Nowhere in S&P’s statement about “global economic and financial crisis”, did it clarify that sovereigns were hit due to backing their largest national banks (and international, US ones) which engaged in half a decade of leveraged speculation. But here’s how it worked:
1) Big banks funneled speculative capital, and their own, into local areas, using real estate and other collateral as fodder for securitized deals with derivative touches. 2) They lost money on these bets, and on the borrowing incurred to leverage them. 3) The losses ate their capital. 4) The capital markets soured against them in mutual bank distrust so they couldn’t raise more money to cover their bets as before. 5) So, their borrowing costs rose which made it more difficult for them to back their bets or purchase their own government’s debt. 6) This decreased demand for government debt, which drove up the cost of that debt, which transformed into additional country expenses. 7) Countries had to turn to bailouts to keep banks happy and plush with enough capital. 8) In return for bailouts and cheap lending, governments sacrificed citizens. 9) As citizens lost jobs and countries lost assets to subsidize the international speculation wave, their economies weakened further. 10) S&P (and every political leader) downplayed this chain of events.
The United States
On Aug. 5, 2011, S&P downgraded US government debt to 'AA+'. This was four days after Congress voted to raise the US debt cap - to prevent a downgrade - proceeded by political squabbling and the US Treasury and Fed begging Congress to raise the debt cap.
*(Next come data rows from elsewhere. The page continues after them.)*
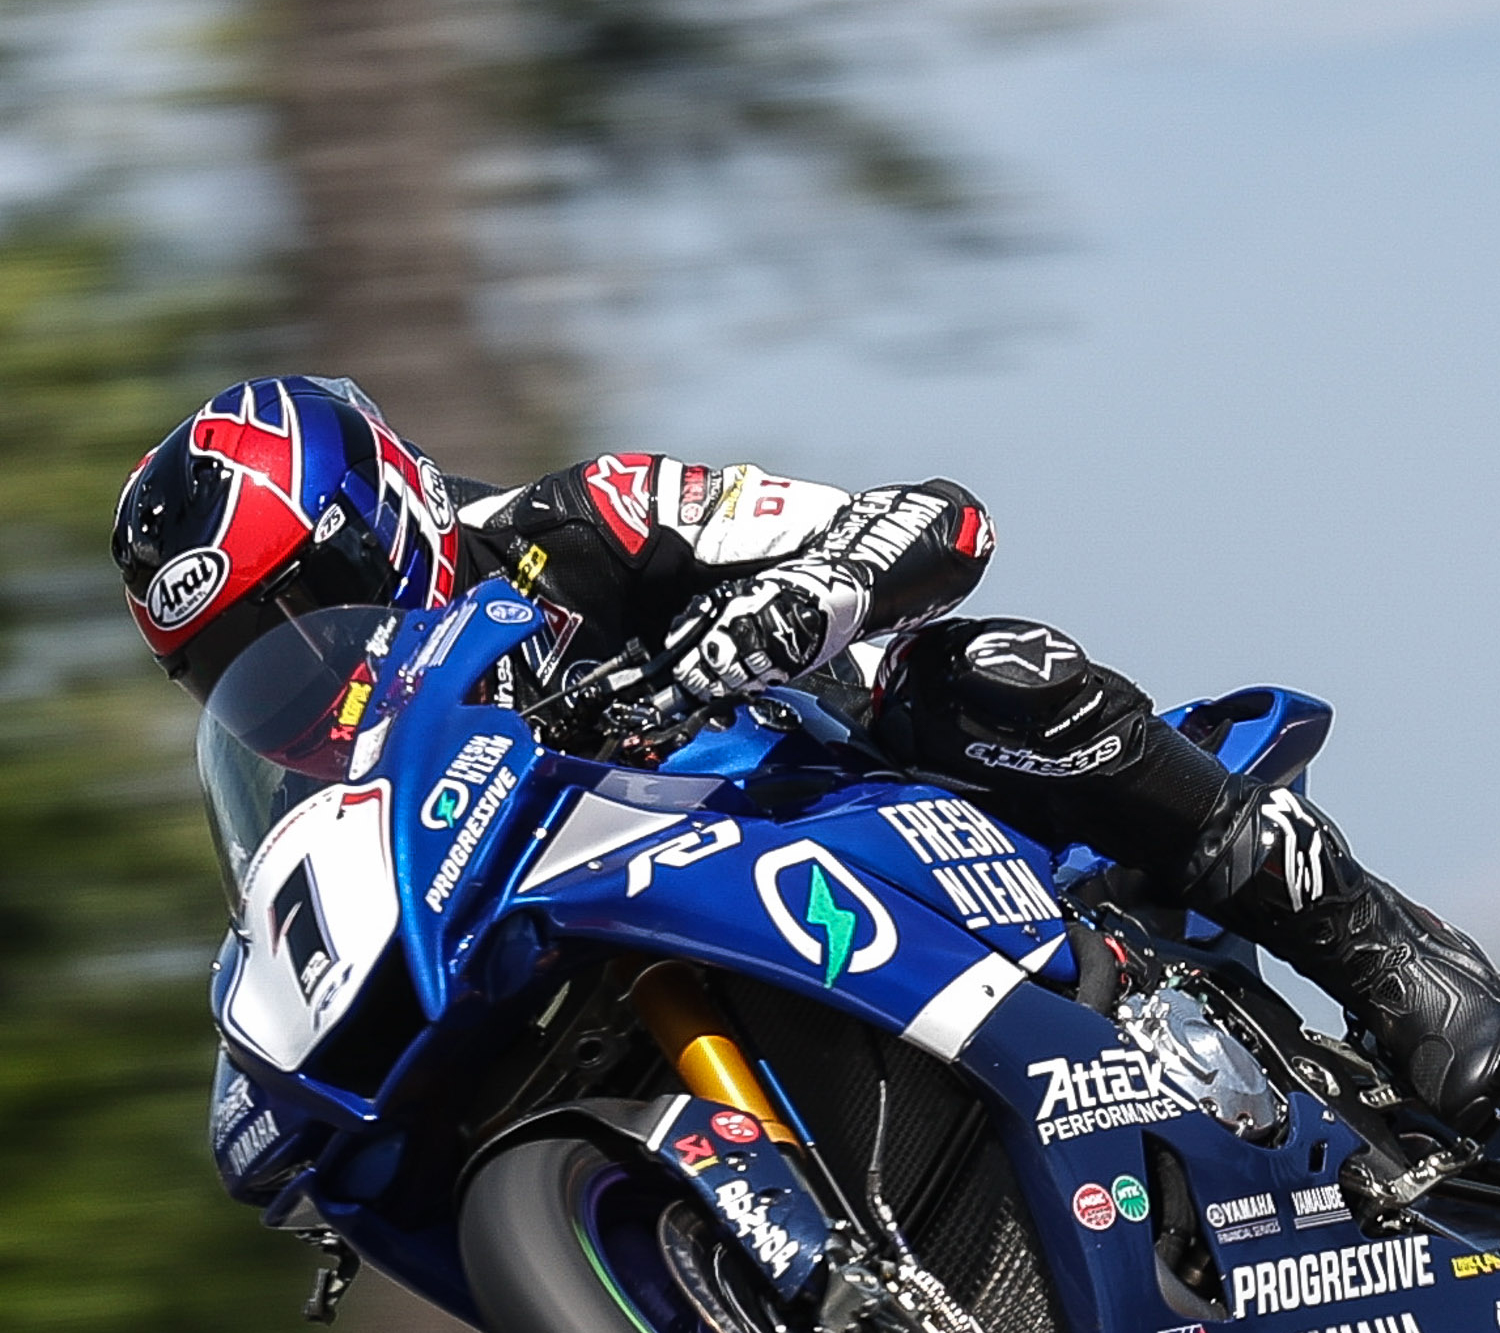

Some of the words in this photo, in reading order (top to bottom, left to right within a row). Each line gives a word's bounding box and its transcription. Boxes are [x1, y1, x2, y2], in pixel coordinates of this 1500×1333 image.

[848, 492, 949, 572] YAMAHA
[158, 553, 214, 623] Arai
[425, 766, 517, 913] PROGRESSIVE
[879, 798, 1016, 864] FRESH
[1027, 1049, 1198, 1121] Attack
[1037, 1098, 1182, 1145] PERFORMANCE
[1221, 1193, 1276, 1223] YAMAHA
[1291, 1184, 1346, 1215] YAMALUBE
[1232, 1235, 1435, 1319] PROGRESSIVE
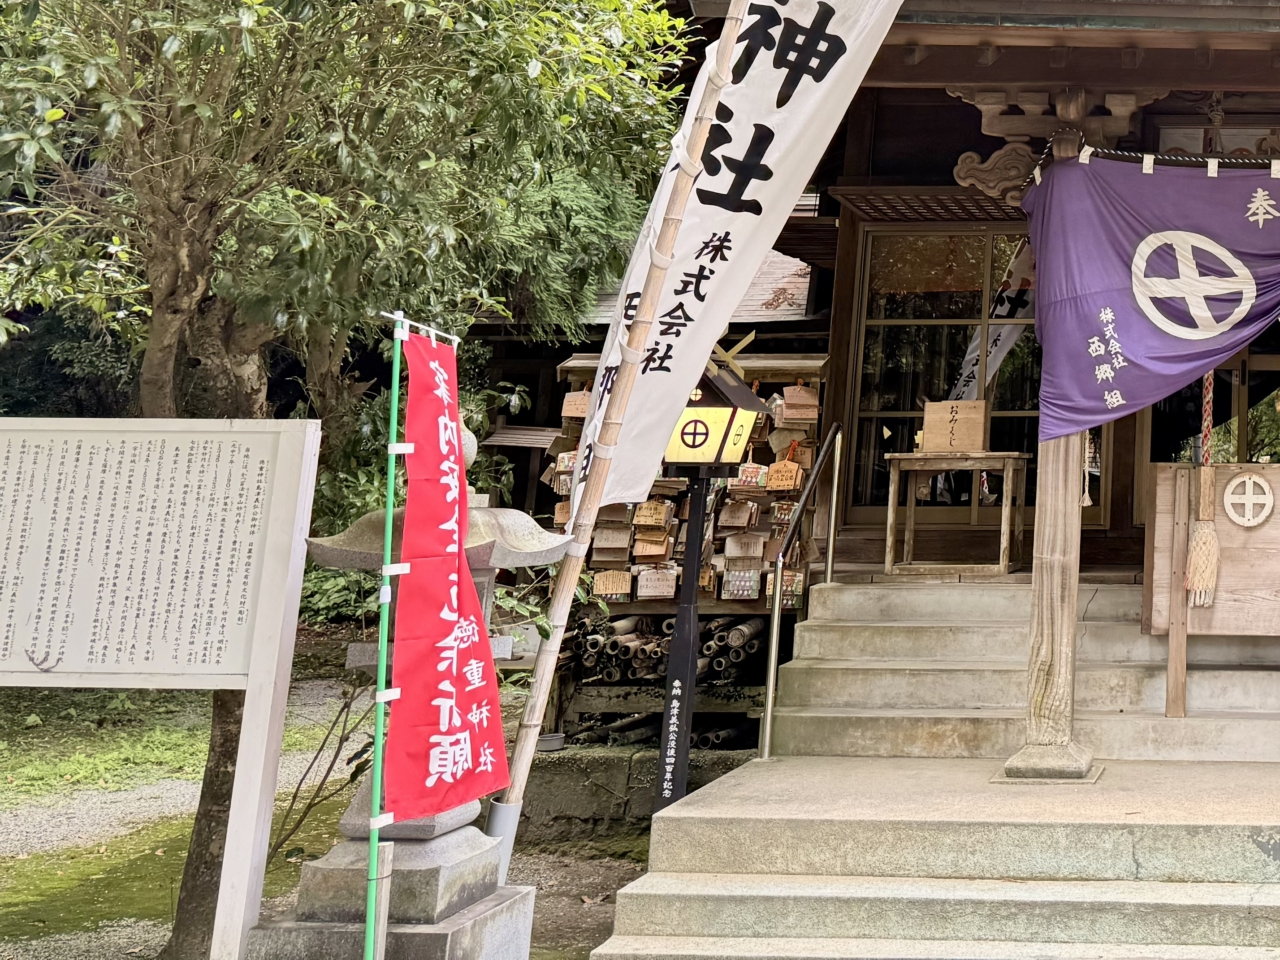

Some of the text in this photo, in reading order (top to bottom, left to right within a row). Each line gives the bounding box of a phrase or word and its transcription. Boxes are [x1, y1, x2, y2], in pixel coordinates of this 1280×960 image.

S&P, beacon of stamp-any-toxic-asset-AAA, accountability, claimed, “American policymaking and political institutions have weakened at a time of ongoing fiscal and economic challenges.” In other words, too much debt, too little income.
According to the US Treasury, the main reason for the debt increase was a stalling economy – lack of enough incoming tax receipts to pay US expenses, (which include interest payments on growing debt.) That’s not true. Tax receipts dropped $400 billion to $2.1 trillion in 2009 vs. 2008. Expenditures jumped to $3.5 trillion in 2009 from $3 trillion in 2008. Treasury debt ballooned by nearly $4 trillion from 2008 through 2010.
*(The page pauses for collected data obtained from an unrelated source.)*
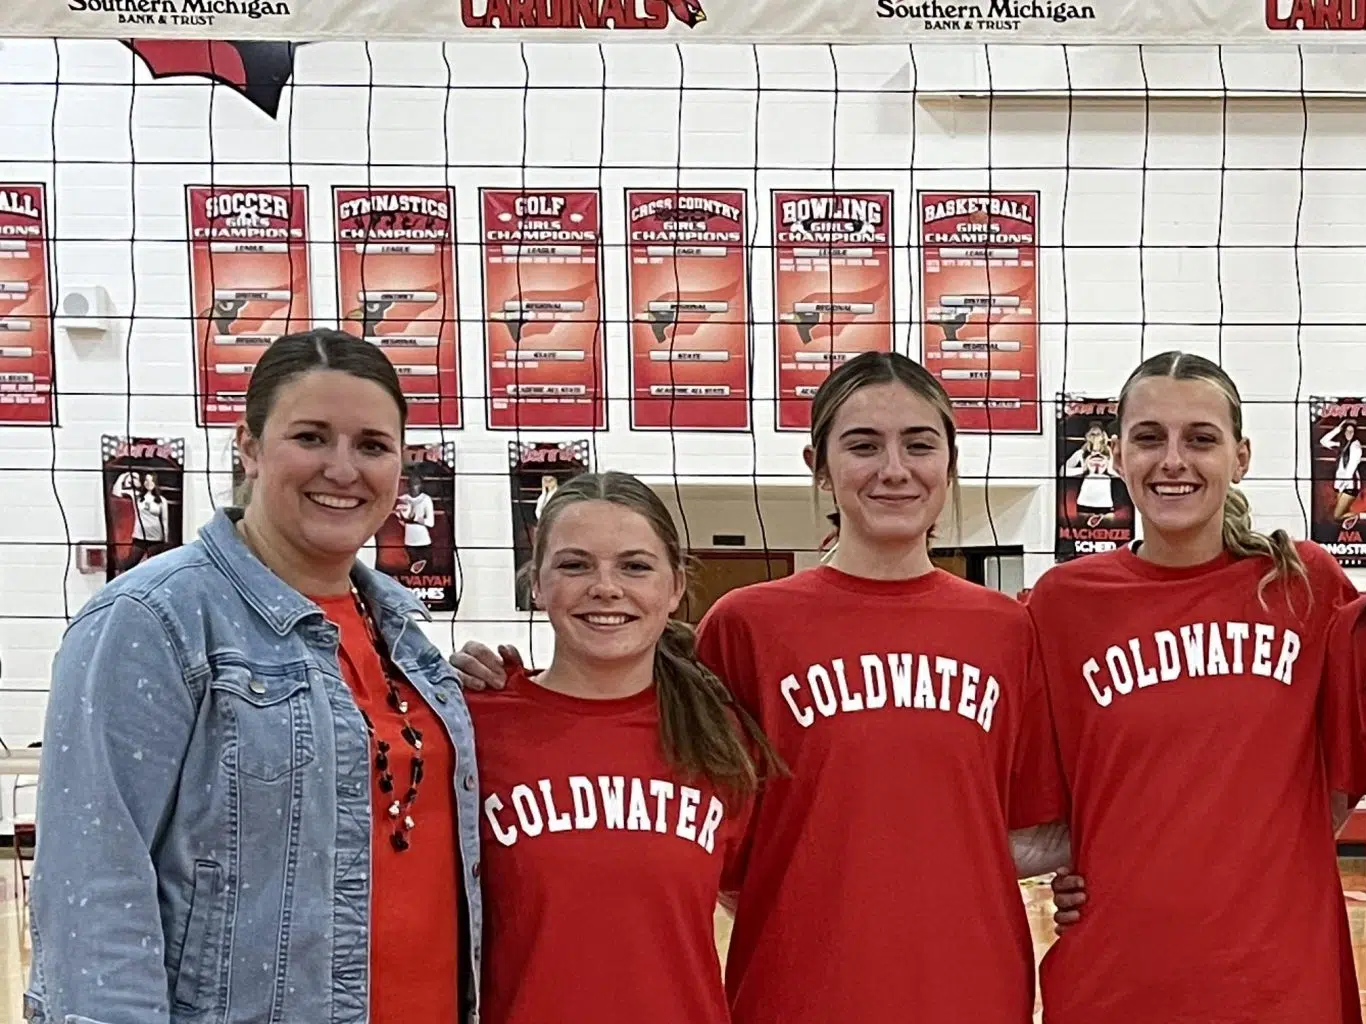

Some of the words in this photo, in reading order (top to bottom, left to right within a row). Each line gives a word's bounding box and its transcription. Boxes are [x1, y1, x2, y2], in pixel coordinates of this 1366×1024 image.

[876, 0, 982, 18] Southern
[986, 0, 1096, 22] Michigan
[118, 14, 155, 24] BANK
[157, 15, 167, 24] &
[170, 15, 215, 26] TRUST
[924, 20, 961, 30] BANK
[963, 20, 973, 30] &
[977, 20, 1021, 30] TRUST
[205, 191, 290, 219] SOCCER
[339, 194, 449, 220] GYMNASTICS
[514, 196, 566, 217] GOLF
[631, 197, 673, 221] CROSS
[679, 196, 741, 221] COUNTRY
[781, 197, 882, 224] BOWLING
[924, 197, 1033, 223] BASKETBALL
[663, 221, 707, 231] GIRLS
[810, 222, 854, 232] GIRLS
[956, 223, 1000, 233] GIRLS
[193, 228, 303, 238] CHAMPIONS
[340, 229, 448, 239] CHAMPIONS
[486, 230, 595, 241] CHAMPIONS
[631, 230, 741, 242] CHAMPIONS
[778, 232, 886, 242] CHAMPIONS
[925, 233, 1033, 243] CHAMPIONS
[1082, 621, 1300, 707] COLDWATER
[781, 653, 1000, 733] COLDWATER
[485, 776, 725, 854] COLDWATER
Where’s the money? About $1.6 trillion lies on the Fed’s books as excess reserves which banks - dealers for sovereign debt - put there. Nearly a trillion dollars went to backing Fannie Mae, Freddie Mac - which enabled banks to artificially overvalue related securities, and extra interest payments. There was $700 billion in TARP, which though mostly repaid, never manifested into debt reduction, and hundreds of billions of dollars of asset guarantees underlying big bank mergers. So, 75% of the extra debt went to saving banks. S&P didn’t mention this. The policy repeated across the Atlantic.
Ireland
The Irish government’s pain started when it guaranteed the bonds of Anglo-Irish bank in September 2008. By May, 2010, Central Bank head, Patrick Honohan, assured the world that he’d have ‘two big banks, fixed by the end of the year.’ Upon that endorsement, the government backed bondholders on the banks’ behalf. The economy deteriorated.
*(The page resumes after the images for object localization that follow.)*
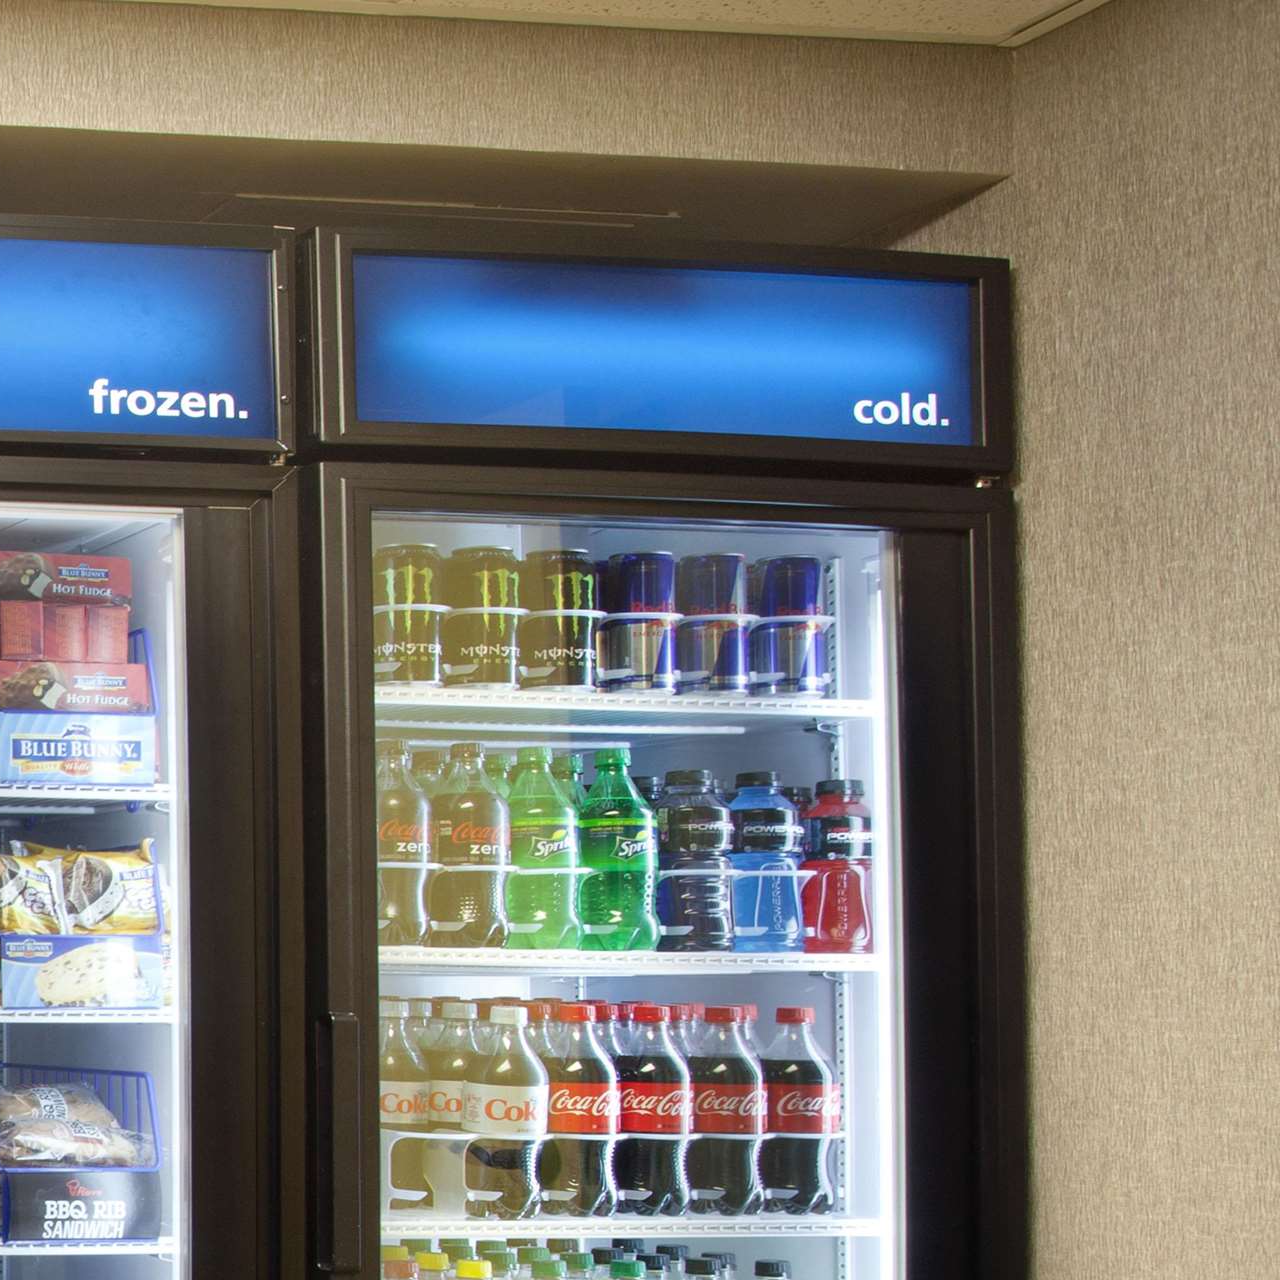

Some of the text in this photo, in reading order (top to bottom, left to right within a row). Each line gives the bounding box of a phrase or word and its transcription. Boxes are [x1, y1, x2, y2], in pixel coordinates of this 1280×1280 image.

[88, 380, 249, 420] frozen.
[853, 393, 950, 428] cold.
[61, 568, 107, 578] BLUE BUNNY
[53, 584, 112, 597] HOT FUDGE
[67, 694, 129, 706] HOT FUDGE
[21, 740, 137, 758] BLUE BUNNY
[485, 1099, 538, 1121] Cok
[44, 1200, 127, 1219] BBQ RIB
[42, 1220, 124, 1239] SANDWICH
Six months later, nobody would lend to Irish banks. Irish austerity promises didn’t change the fact that Irish banks weren’t big enough to contain their waste. By November, 2010, banks paid for $60 billion Euro of maturing bonds with emergency ECB loans, and the ECB became the backbone for the Irish bank guarantee scheme, whose participants included Ireland’s big financial firms: Irish Life & Permanent p.l.c., Bank of Ireland, Allied Irish Bank p.l.c., Anglo Irish Bank Corporation Limited, and Irish Nationwide Building Society. Irish Government Debt doubled from 65.3 billion Euro to 118 billion Euro since 2009.
The ECB deemed the bailout a success. Yet, by the summer of 2011, Ireland was downgraded to a notch above junk and households (and foreigners) accelerated extracting money from Irish banks, weakening the banks’ funding base further. The Irish government now owes 110 billion Euros to the banks, the National Asset Management Agency (NAMA, aka “bad bank”) the EU, ECB and IMF, with no way to repay it.
Spain
According to a recent Business Week article, Spanish banks hold 30 billion Euros ($41 billion) of “unsellable” real estate loans. Just like in the US where smaller banks got hit hardest, small and mid-sized Spanish banks did too. In addition, about 308 billion Euros worth of Spanish loans are ‘troubled.’ Home prices in Spain are off 28% from their April, 2007 peak, with land values in the outskirts of urban areas, down by as much as 75%.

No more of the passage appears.